■ **Exercise details**: Reproduce every line of the data, exactly and without its pictures.

■ **Data for analysis**:
________

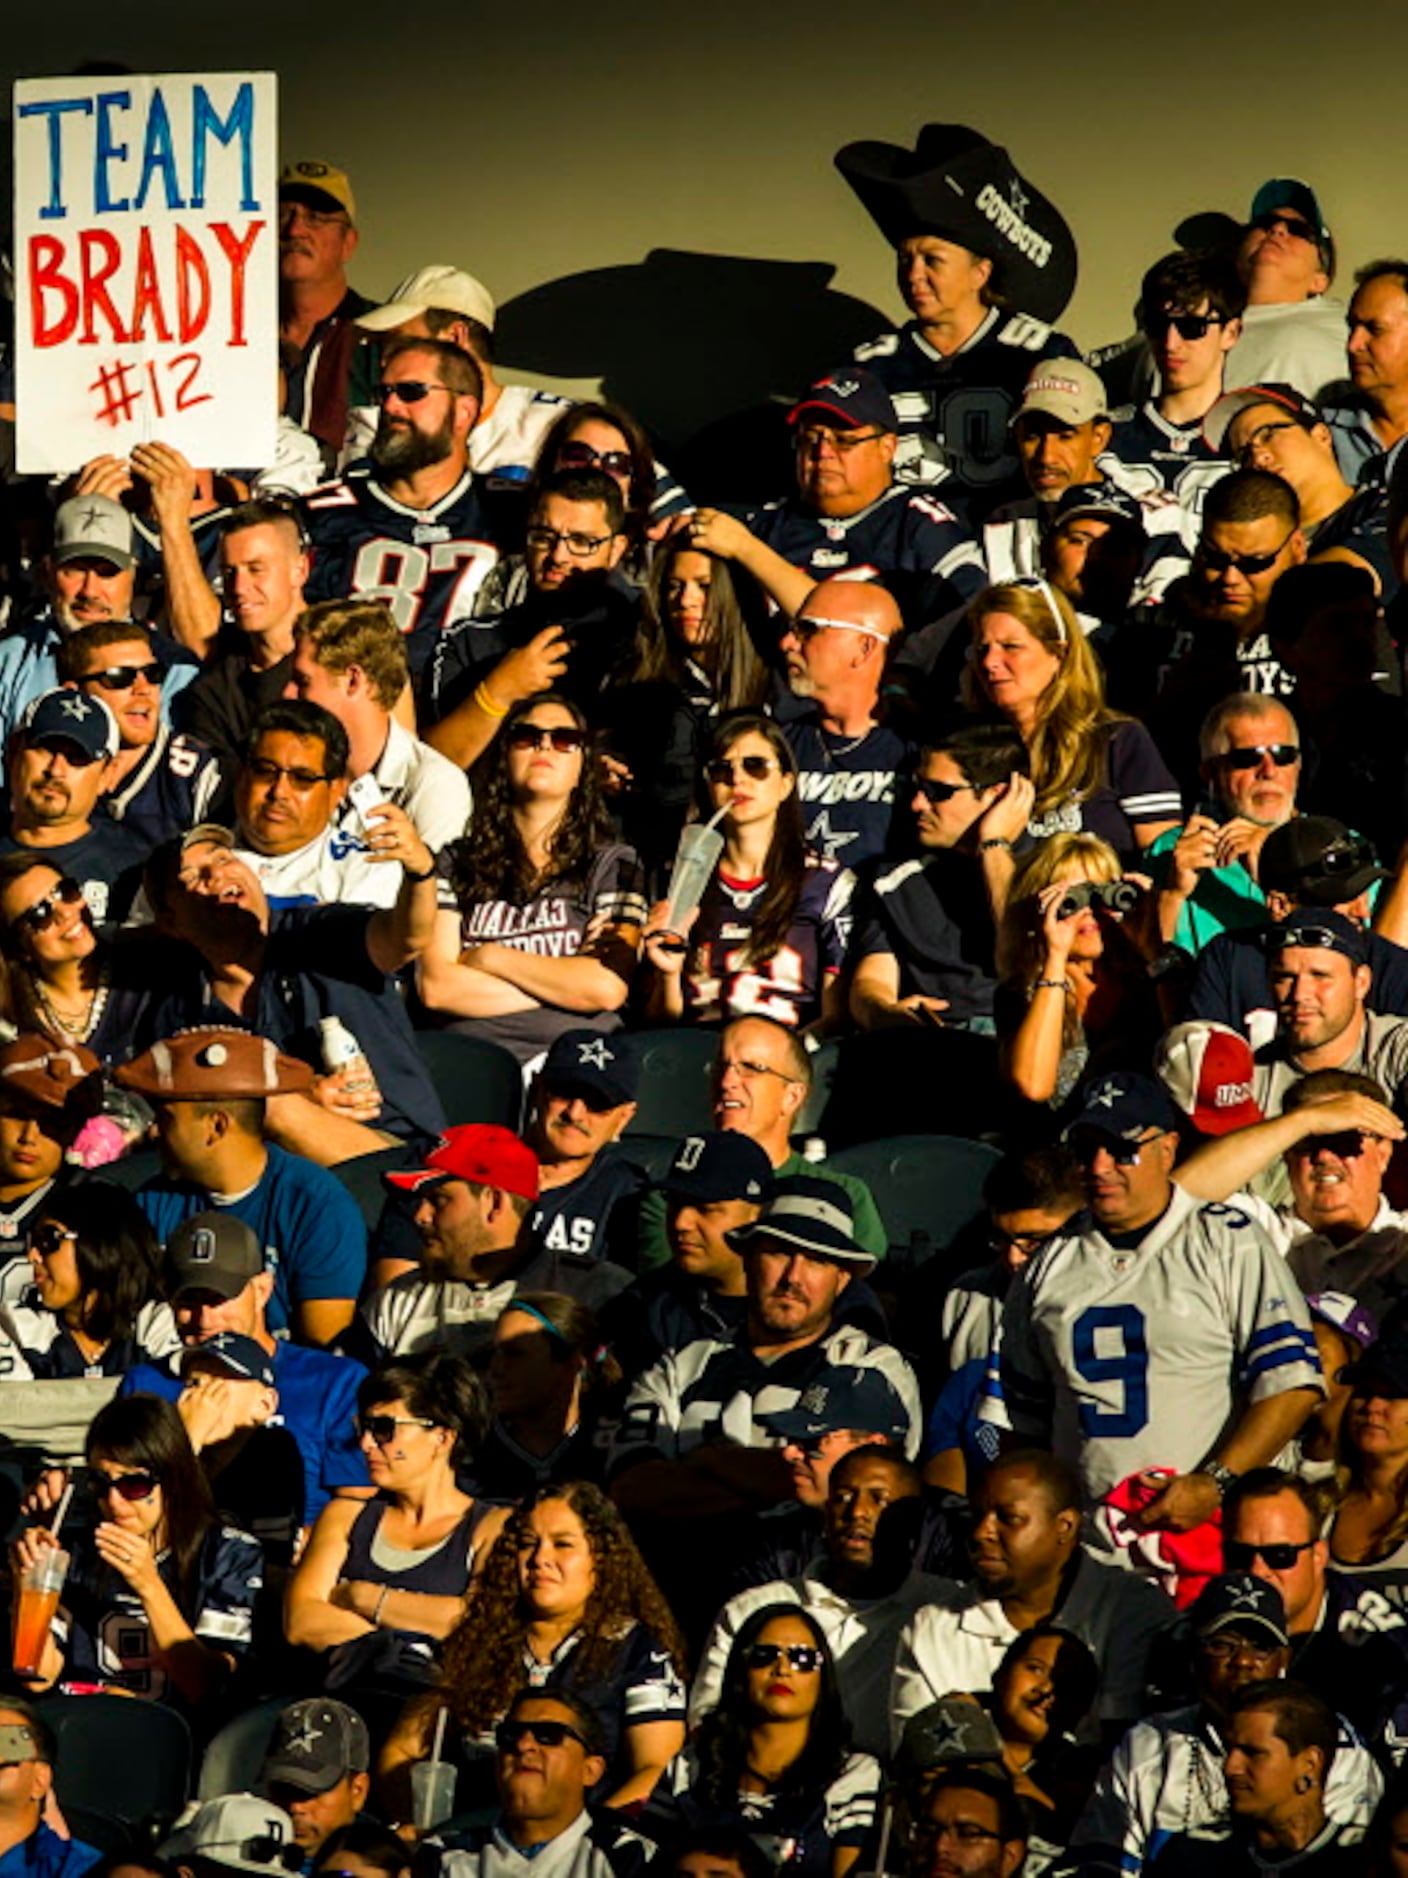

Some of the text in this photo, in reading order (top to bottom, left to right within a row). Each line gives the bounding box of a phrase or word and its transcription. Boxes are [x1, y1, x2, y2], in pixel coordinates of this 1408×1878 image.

[20, 83, 260, 218] TEAM
[975, 184, 1053, 269] COWBOYS
[28, 221, 267, 348] BRADY
[89, 352, 215, 427] #12
[349, 536, 500, 634] 87
[675, 1136, 706, 1172] D
[190, 1226, 217, 1265] D
[532, 1211, 596, 1257] AS
[1073, 1304, 1151, 1438] 9
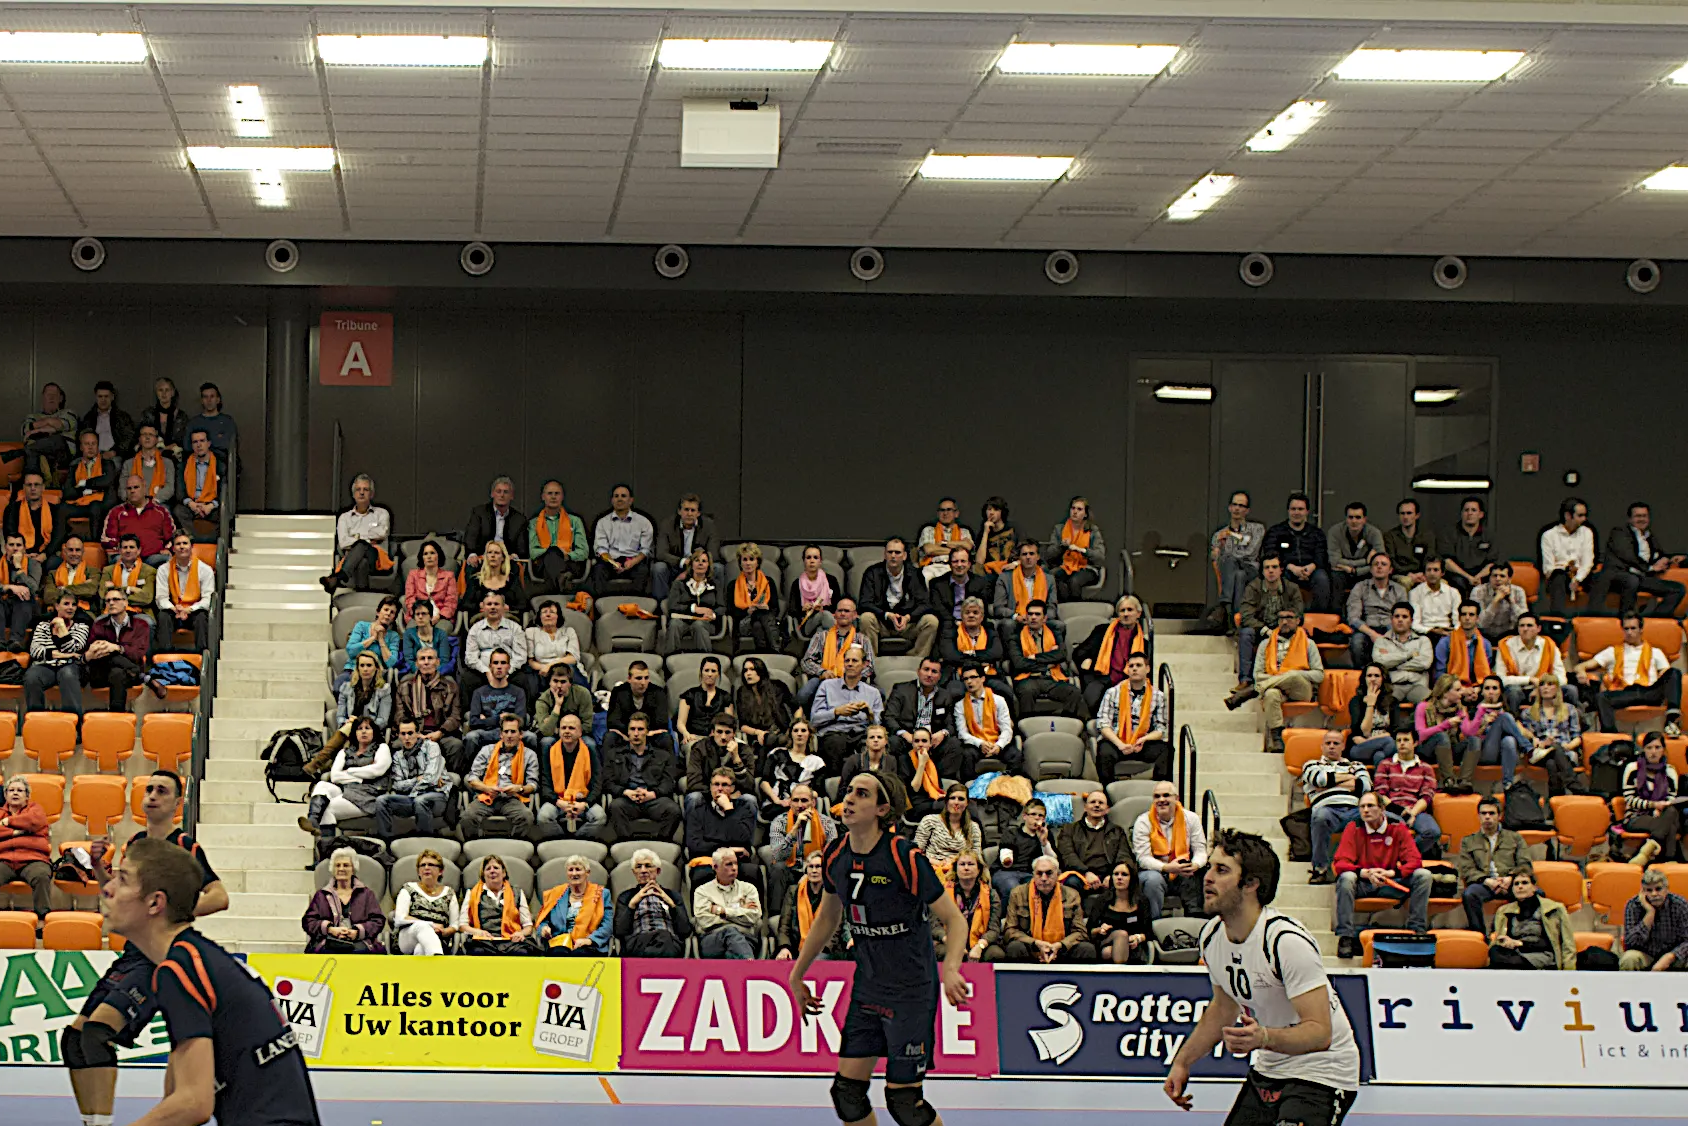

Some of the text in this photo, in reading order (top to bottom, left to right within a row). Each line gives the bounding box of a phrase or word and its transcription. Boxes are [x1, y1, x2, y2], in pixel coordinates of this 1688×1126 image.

________

■ **Answer space**:
Some of the text in this photo, in reading order (top to bottom, left to right within a row). Each line gives the bounding box of a phrase or word and its transcription. Boxes are [x1, y1, x2, y2], in pixel coordinates of this 1408×1878 image.

[20, 83, 260, 218] TEAM
[975, 184, 1053, 269] COWBOYS
[28, 221, 267, 348] BRADY
[89, 352, 215, 427] #12
[349, 536, 500, 634] 87
[675, 1136, 706, 1172] D
[190, 1226, 217, 1265] D
[532, 1211, 596, 1257] AS
[1073, 1304, 1151, 1438] 9

Some of the text in this photo, in reading order (top to bottom, left to right within a row). Each line gives the bounding box of a phrase or word and its transcription. Boxes are [x1, y1, x2, y2], in pixel coordinates of this 1688×1126 image.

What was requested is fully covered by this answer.